| What you have to do |
Please transcribe the line with "Some of the words" and the lines after it through the end of the listing below, keeping both ends and nothing more.

──────────

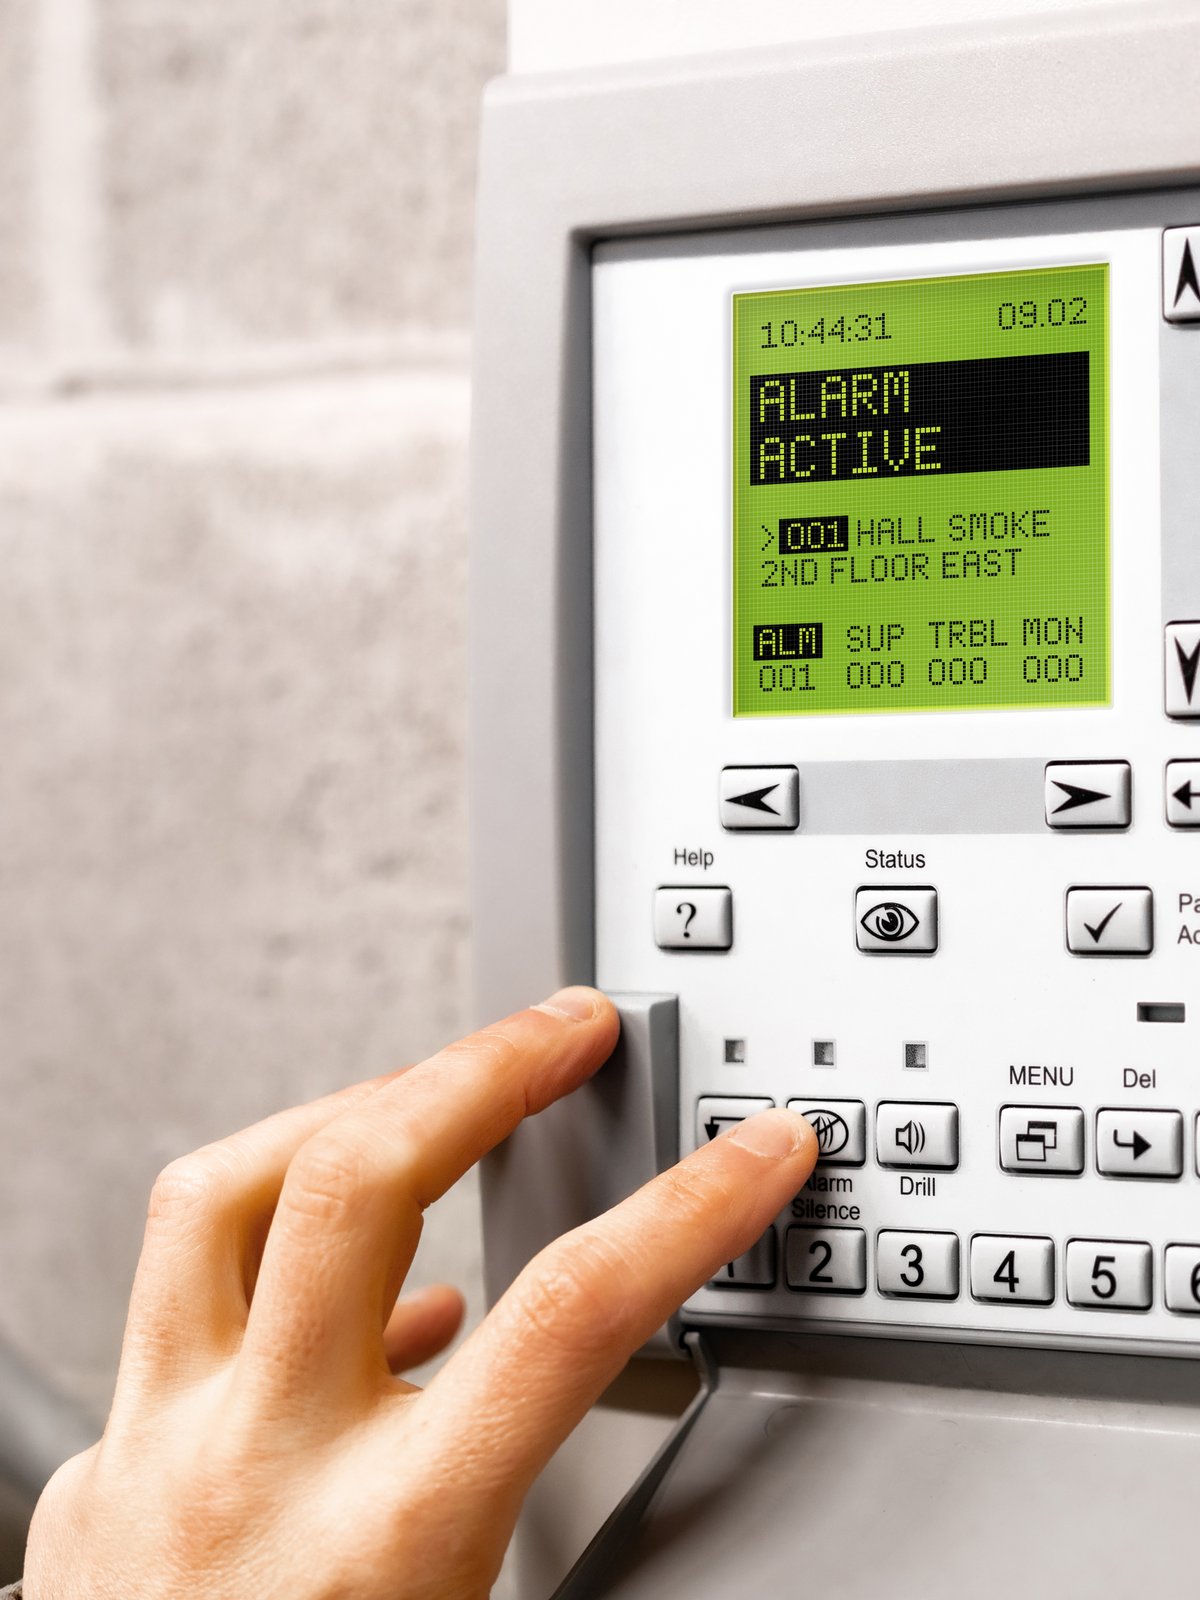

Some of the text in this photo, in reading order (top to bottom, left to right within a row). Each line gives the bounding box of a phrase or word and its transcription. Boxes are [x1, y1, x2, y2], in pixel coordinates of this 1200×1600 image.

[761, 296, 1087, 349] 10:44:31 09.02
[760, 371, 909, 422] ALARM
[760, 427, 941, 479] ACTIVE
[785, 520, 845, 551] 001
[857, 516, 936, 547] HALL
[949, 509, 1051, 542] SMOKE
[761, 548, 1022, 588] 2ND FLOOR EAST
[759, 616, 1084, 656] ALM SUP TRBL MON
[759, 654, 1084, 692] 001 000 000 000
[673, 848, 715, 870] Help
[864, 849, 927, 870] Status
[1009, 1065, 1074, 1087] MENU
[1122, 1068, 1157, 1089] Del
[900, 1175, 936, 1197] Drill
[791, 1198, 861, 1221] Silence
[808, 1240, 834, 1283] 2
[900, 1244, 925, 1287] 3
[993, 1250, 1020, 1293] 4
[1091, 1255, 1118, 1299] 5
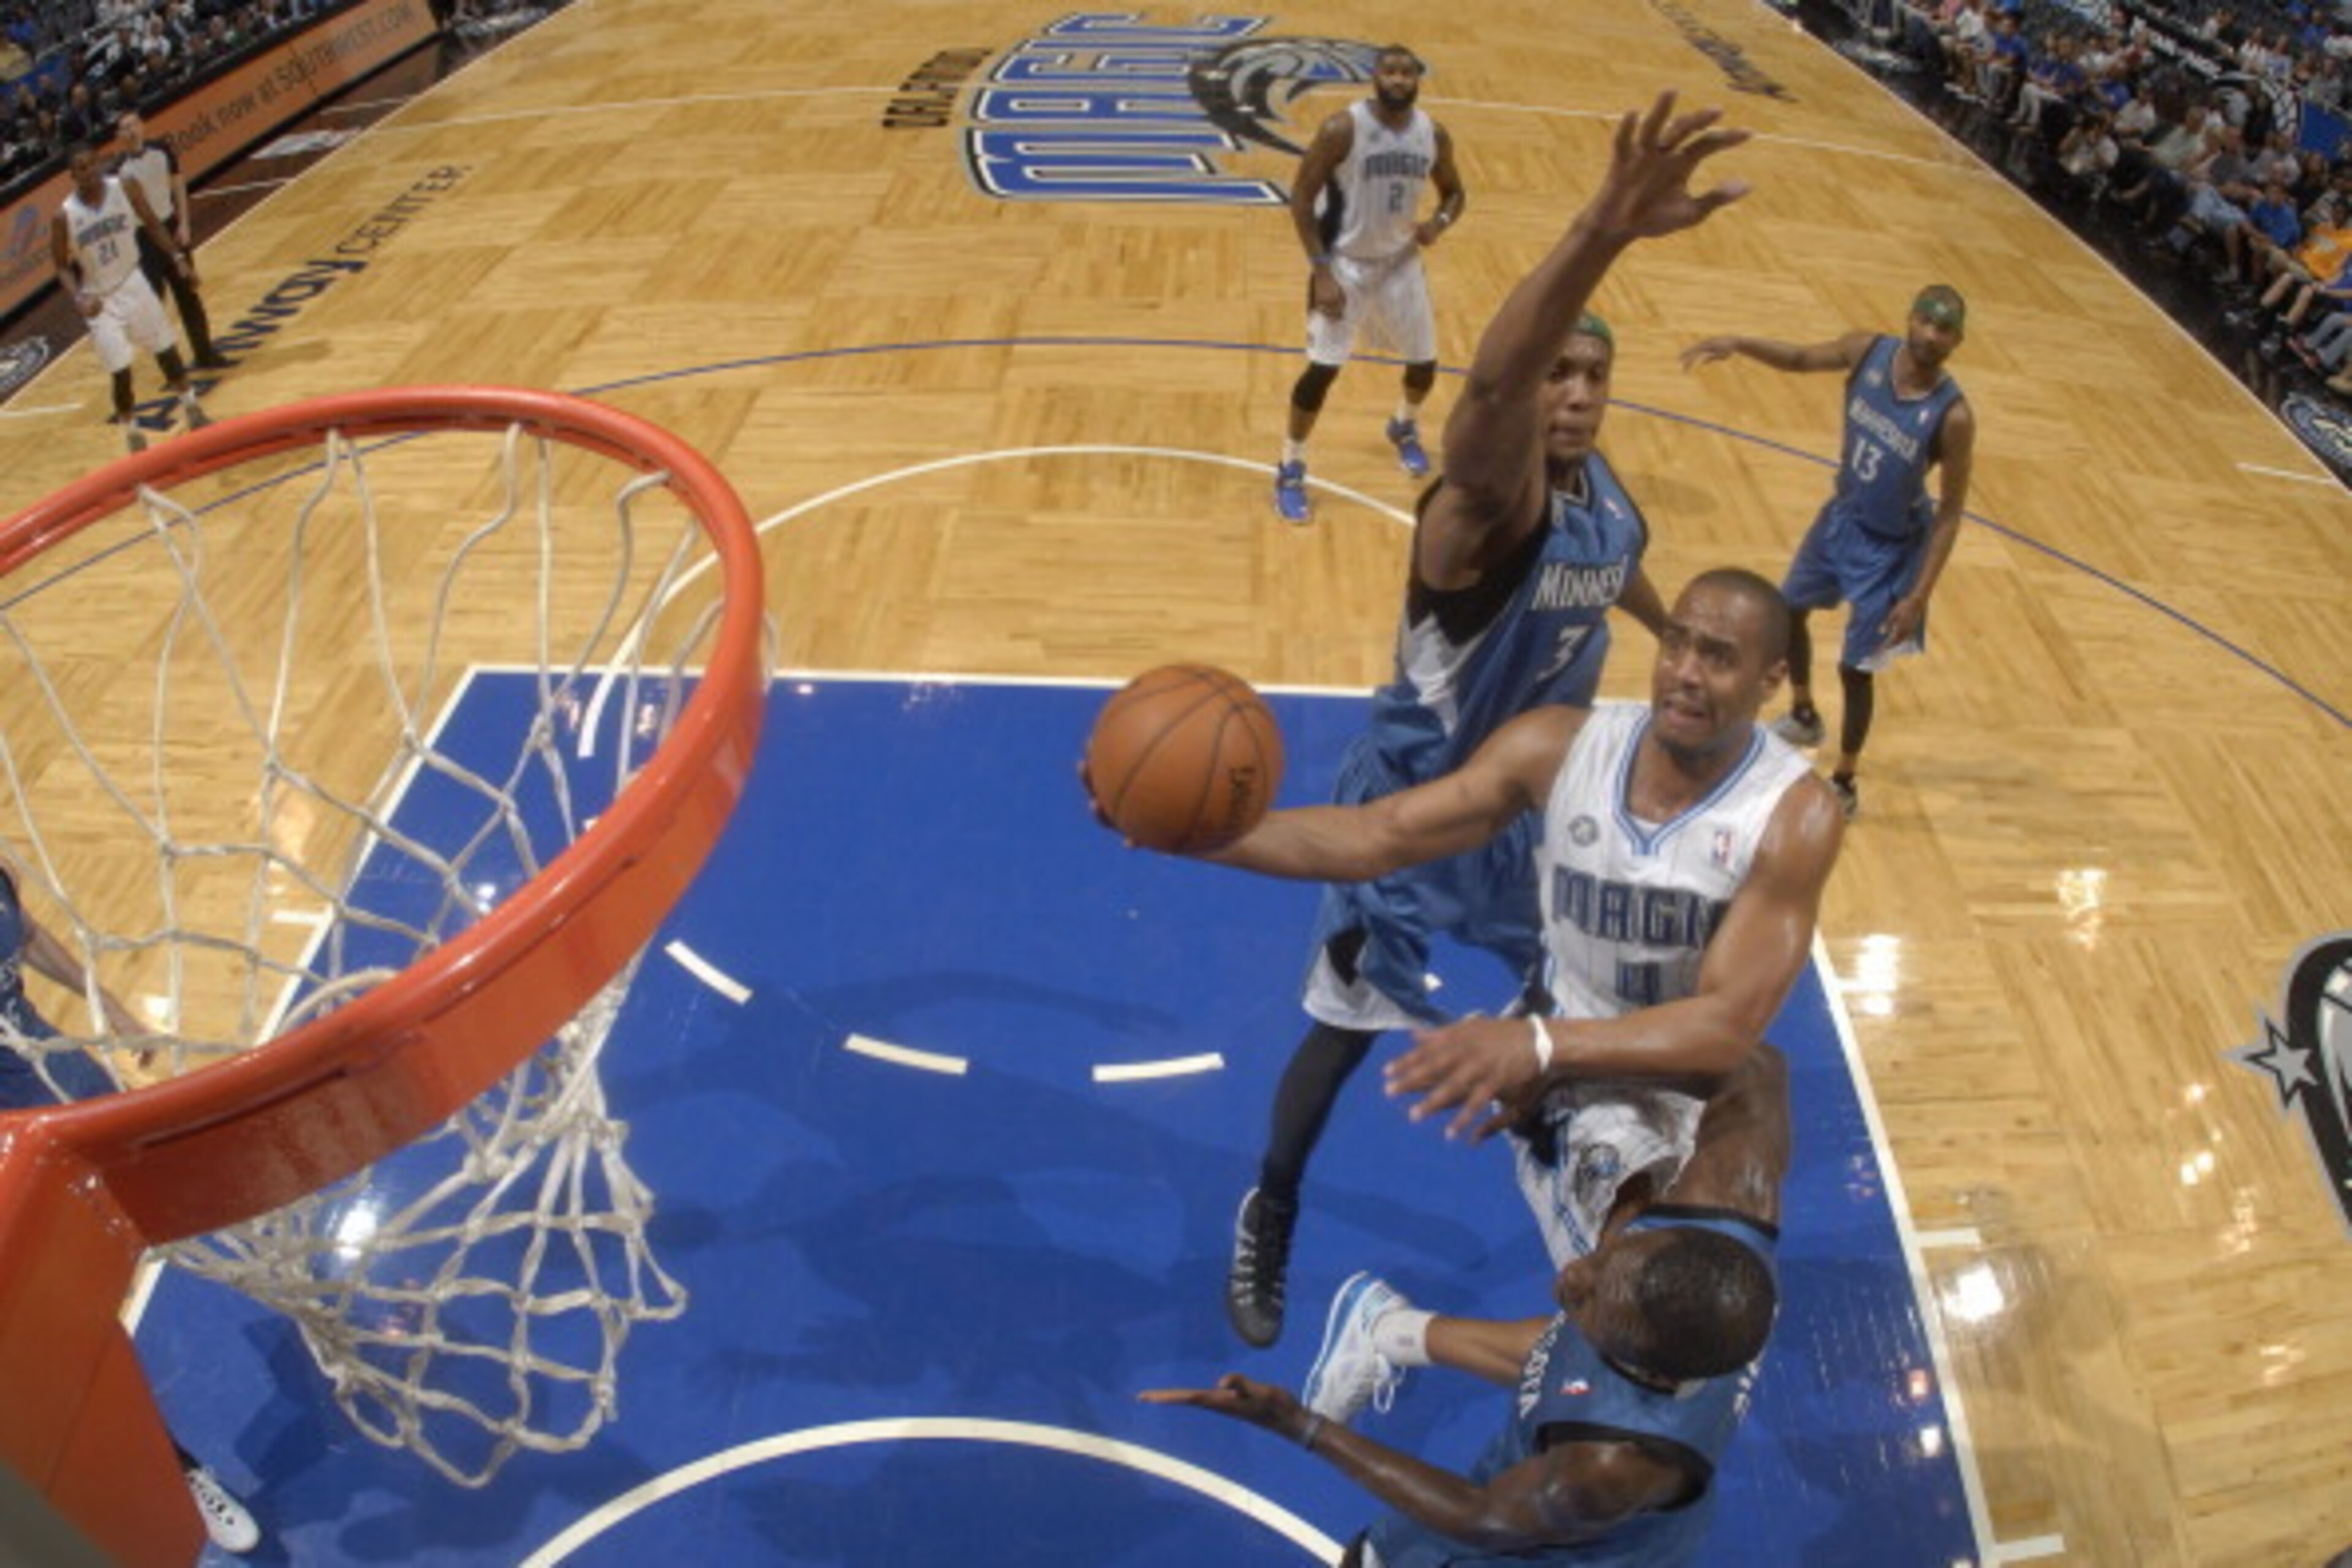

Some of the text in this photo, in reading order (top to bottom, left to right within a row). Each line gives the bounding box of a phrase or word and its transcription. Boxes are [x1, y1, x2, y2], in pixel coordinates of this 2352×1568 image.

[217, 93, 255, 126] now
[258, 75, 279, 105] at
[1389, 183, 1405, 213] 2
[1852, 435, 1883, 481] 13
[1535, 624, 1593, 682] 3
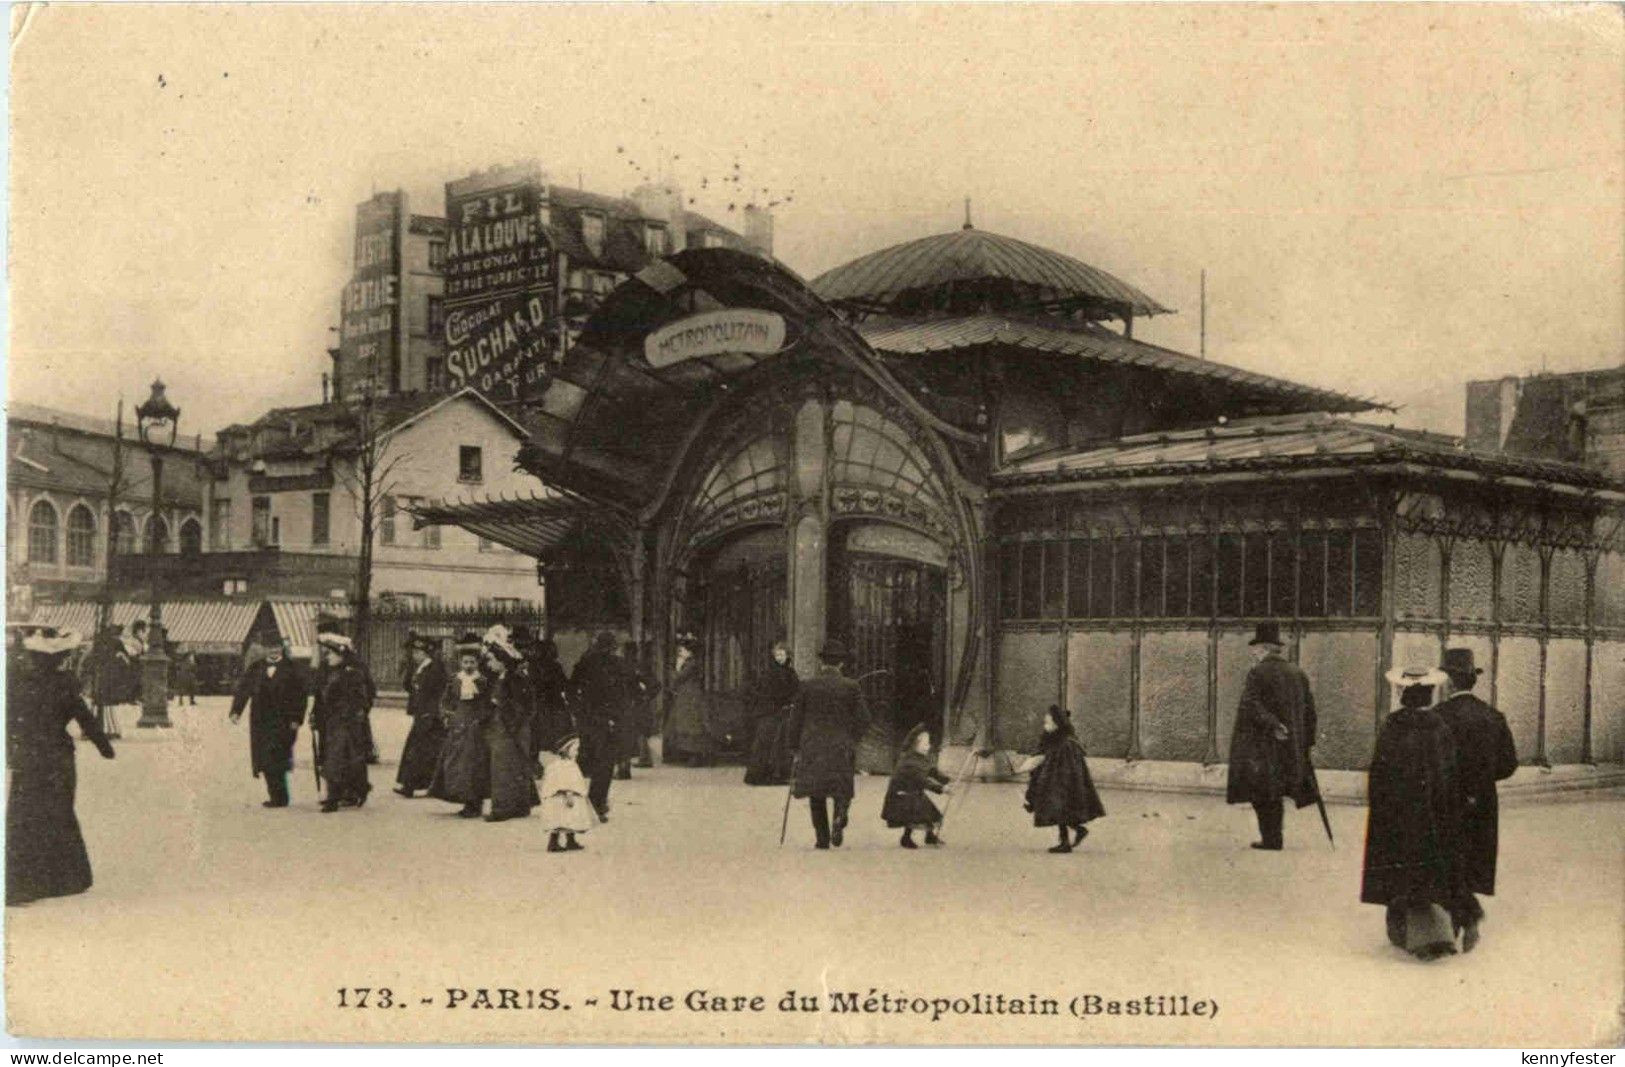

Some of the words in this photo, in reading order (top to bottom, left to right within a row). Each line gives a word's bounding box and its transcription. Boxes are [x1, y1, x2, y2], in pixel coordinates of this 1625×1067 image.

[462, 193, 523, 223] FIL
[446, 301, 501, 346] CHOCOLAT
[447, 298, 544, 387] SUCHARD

──────────

| Your response |
Some of the words in this photo, in reading order (top to bottom, left to right within a row). Each line gives a word's bounding box and its transcription. Boxes are [x1, y1, x2, y2], in pixel coordinates of this 1625×1067 image.

[462, 193, 523, 223] FIL
[446, 301, 501, 346] CHOCOLAT
[447, 298, 544, 387] SUCHARD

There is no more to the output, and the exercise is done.